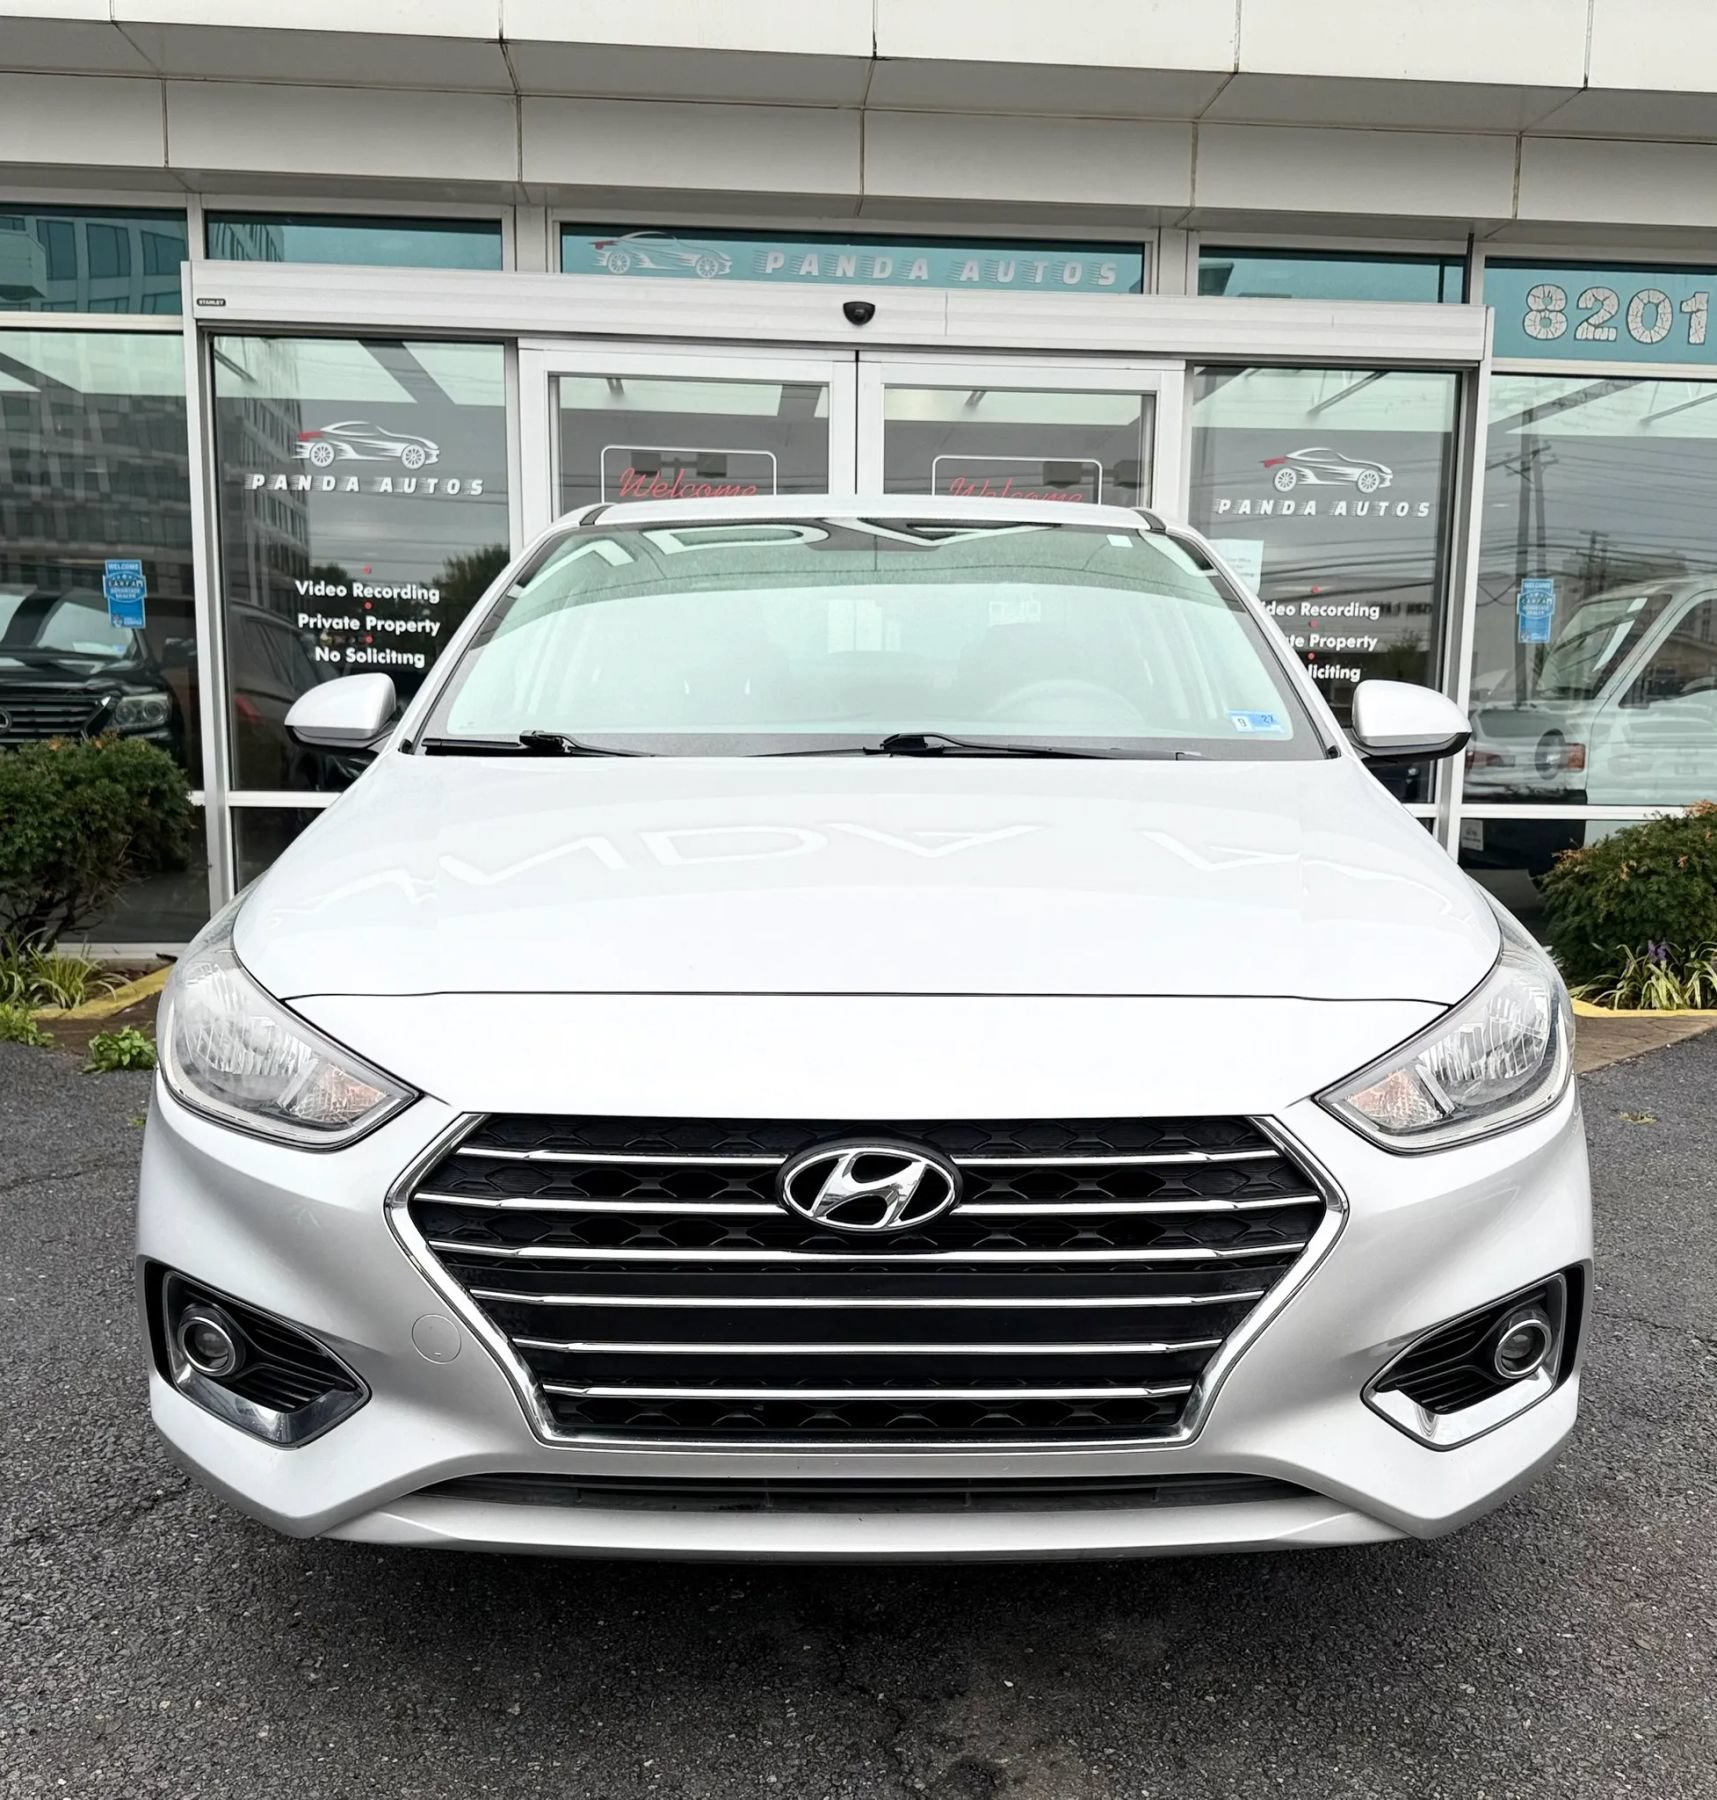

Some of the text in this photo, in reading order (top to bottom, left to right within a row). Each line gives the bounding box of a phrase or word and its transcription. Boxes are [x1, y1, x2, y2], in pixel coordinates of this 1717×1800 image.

[758, 252, 1118, 286] PANDA AUTOS
[1522, 284, 1710, 346] 8201
[247, 474, 484, 496] PANDA AUTOS
[619, 467, 758, 498] Welcome
[1215, 500, 1431, 516] PANDA AUTOS
[295, 580, 441, 604] Video Recording
[1261, 600, 1296, 616] ideo
[1300, 602, 1380, 620] Recording
[297, 613, 441, 637] Private Property
[1309, 634, 1378, 651] Property
[315, 647, 426, 668] No Soliciting
[1307, 664, 1361, 682] liciting

Directions: The records above are to be repeated word for word, with the pictures omitted.

Problem solution:
Some of the text in this photo, in reading order (top to bottom, left to right within a row). Each line gives the bounding box of a phrase or word and its transcription. Boxes are [x1, y1, x2, y2], in pixel coordinates of this 1717×1800 image.

[758, 252, 1118, 286] PANDA AUTOS
[1522, 284, 1710, 346] 8201
[247, 474, 484, 496] PANDA AUTOS
[619, 467, 758, 498] Welcome
[1215, 500, 1431, 516] PANDA AUTOS
[295, 580, 441, 604] Video Recording
[1261, 600, 1296, 616] ideo
[1300, 602, 1380, 620] Recording
[297, 613, 441, 637] Private Property
[1309, 634, 1378, 651] Property
[315, 647, 426, 668] No Soliciting
[1307, 664, 1361, 682] liciting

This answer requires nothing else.